◆ WHAT NEEDS TO BE DONE ◆
This exercise calls for the records to be returned exactly, with images removed.

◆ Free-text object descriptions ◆
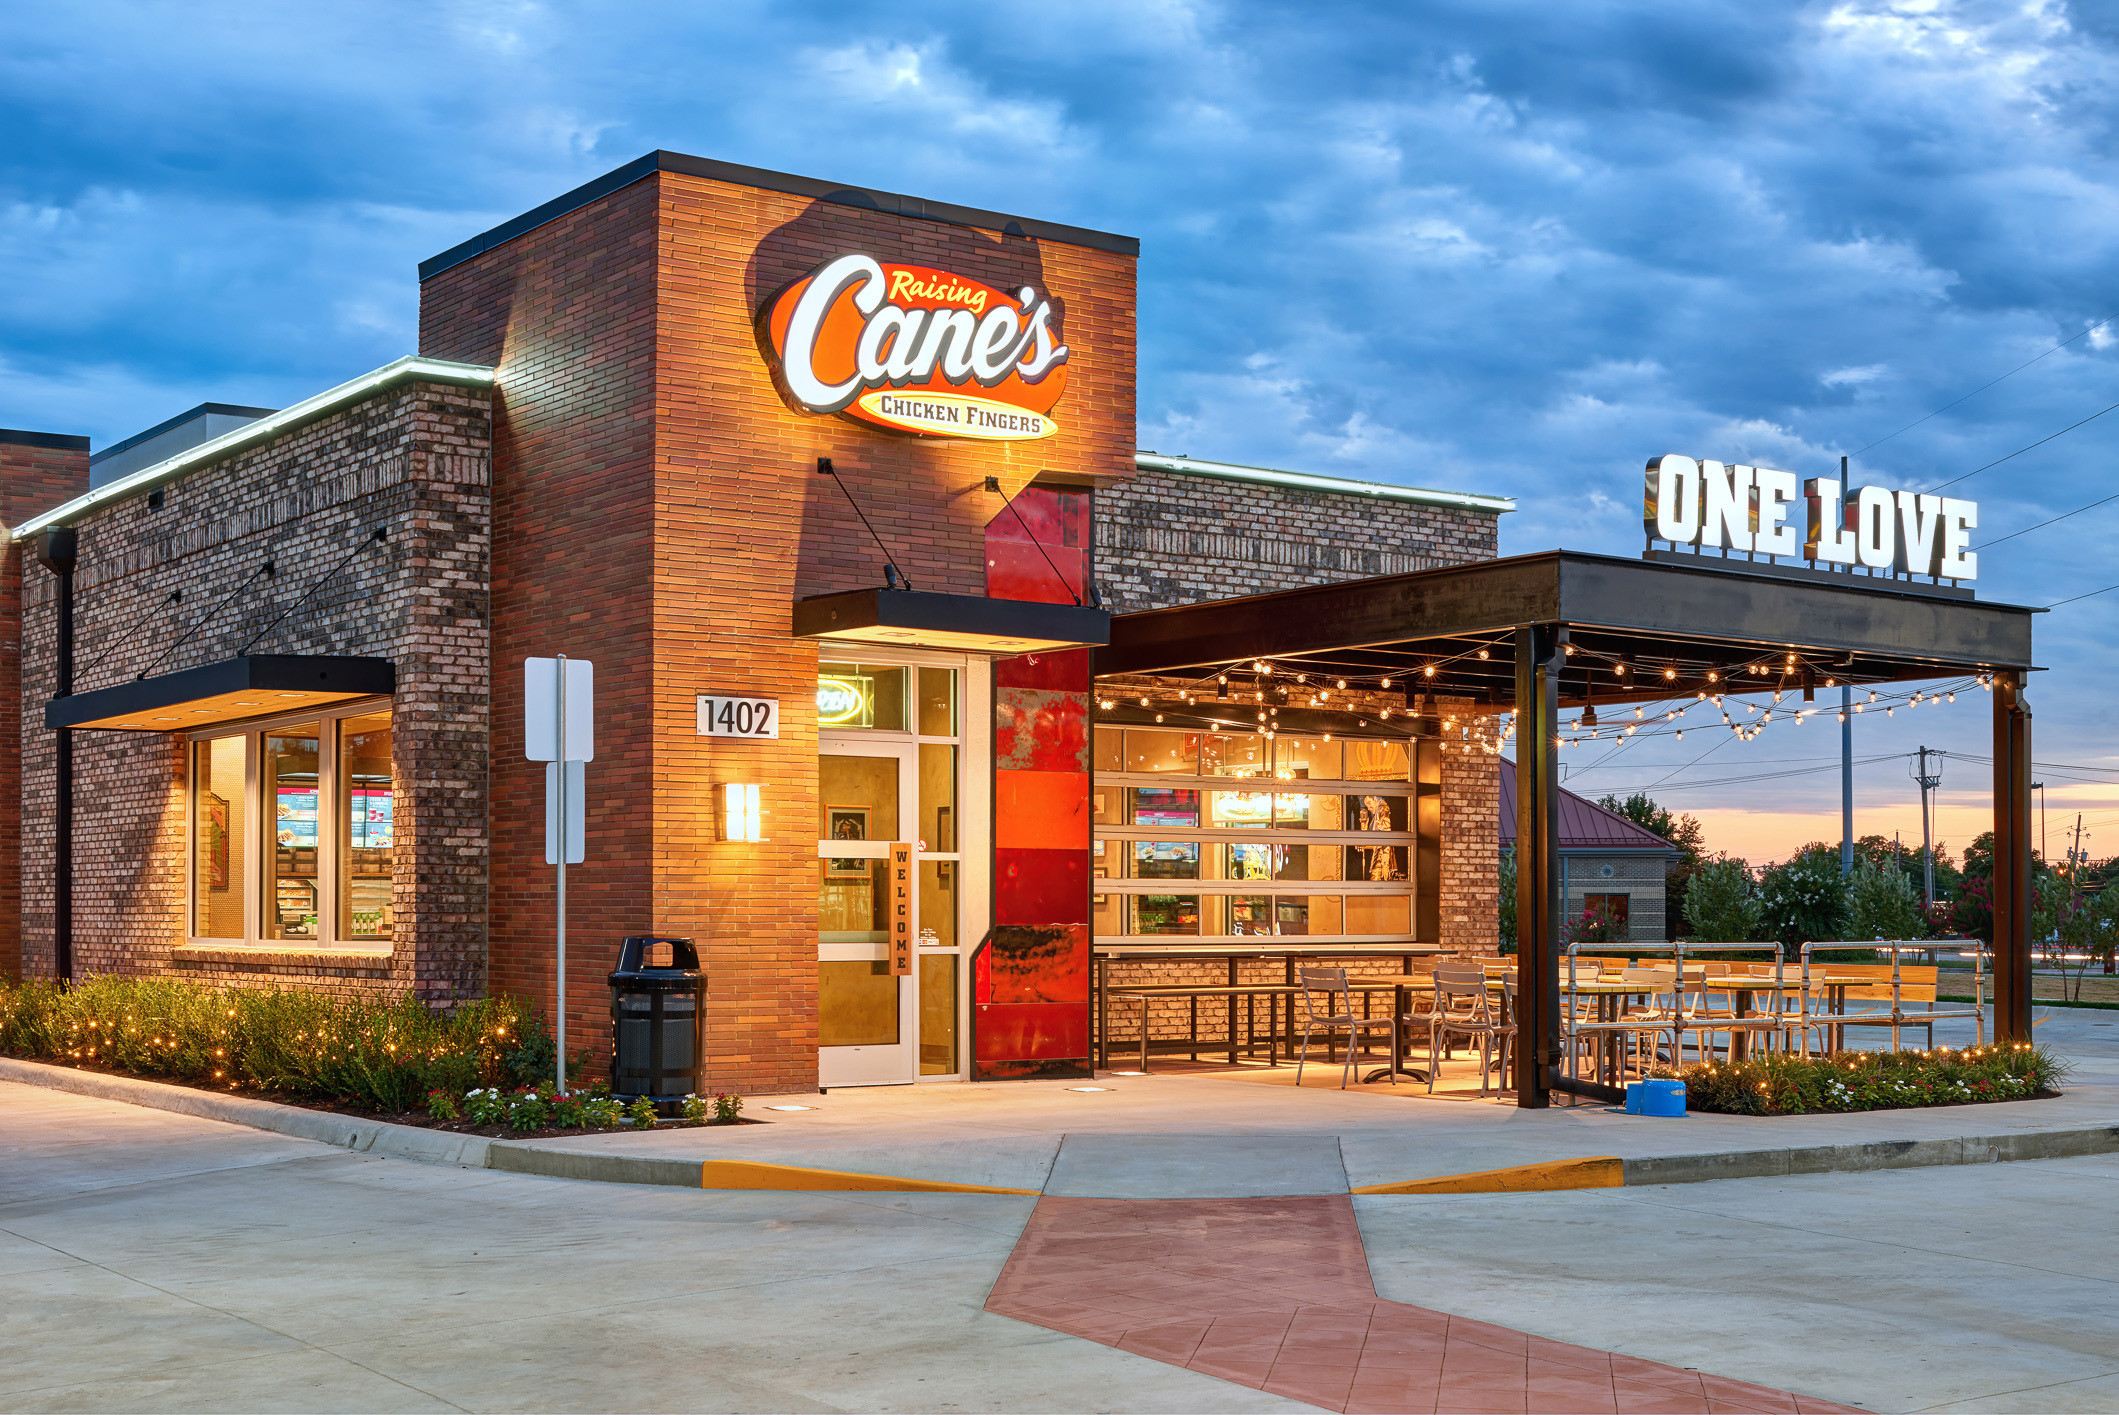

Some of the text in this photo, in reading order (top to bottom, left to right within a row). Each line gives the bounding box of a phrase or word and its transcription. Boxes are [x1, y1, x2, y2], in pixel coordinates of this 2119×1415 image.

[782, 253, 1069, 407] Cane's
[889, 270, 988, 314] Raising
[880, 395, 1041, 434] CHICKEN FINGERS
[1652, 453, 1978, 580] ONE LOVE
[704, 699, 771, 735] 1402
[896, 851, 908, 969] WELCOME
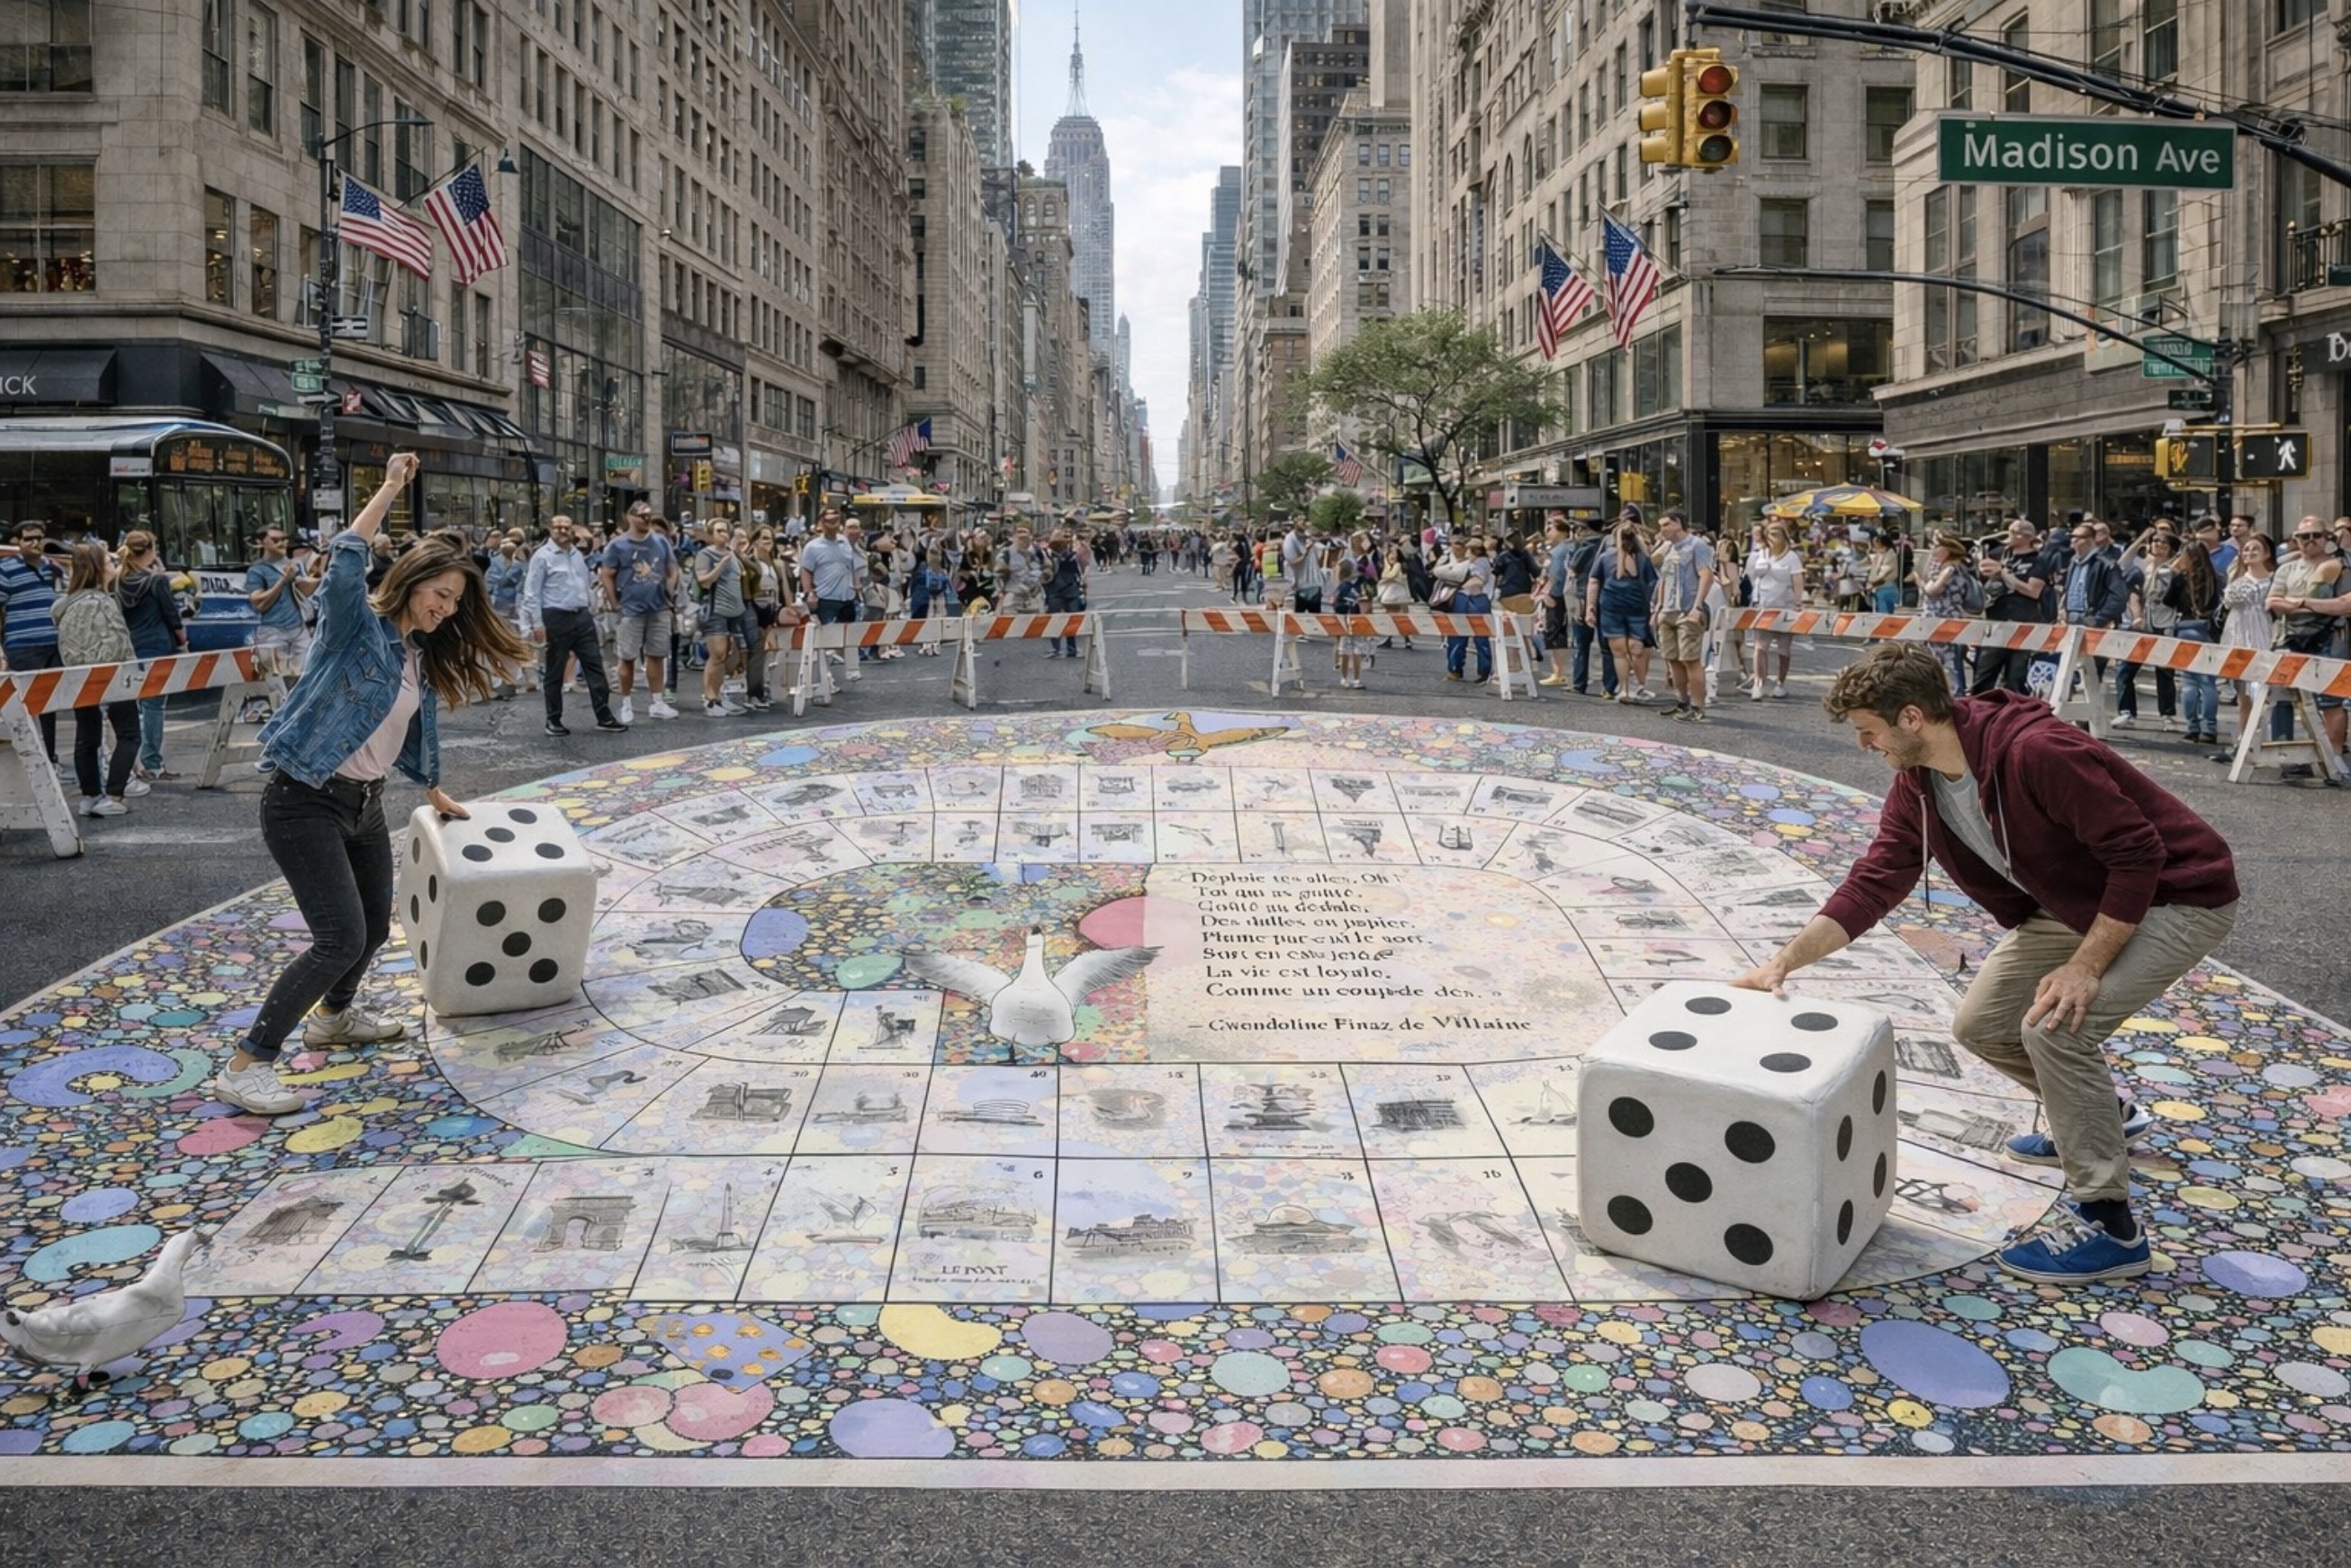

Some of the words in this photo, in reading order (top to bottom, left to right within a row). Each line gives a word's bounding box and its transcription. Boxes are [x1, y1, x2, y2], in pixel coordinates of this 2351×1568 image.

[1963, 132, 2139, 171] Madison
[2155, 140, 2221, 174] Ave
[1399, 1017, 1425, 1032] de

◆ EXERCISE SOLUTION ◆
Some of the text in this photo, in reading order (top to bottom, left to right within a row). Each line gives the bounding box of a phrase or word and its transcription. Boxes are [x1, y1, x2, y2], in pixel coordinates of this 2119×1415 image.

[782, 253, 1069, 407] Cane's
[889, 270, 988, 314] Raising
[880, 395, 1041, 434] CHICKEN FINGERS
[1652, 453, 1978, 580] ONE LOVE
[704, 699, 771, 735] 1402
[896, 851, 908, 969] WELCOME

Some of the words in this photo, in reading order (top to bottom, left to right within a row). Each line gives a word's bounding box and its transcription. Boxes are [x1, y1, x2, y2], in pixel coordinates of this 2351×1568 image.

[1963, 132, 2139, 171] Madison
[2155, 140, 2221, 174] Ave
[1399, 1017, 1425, 1032] de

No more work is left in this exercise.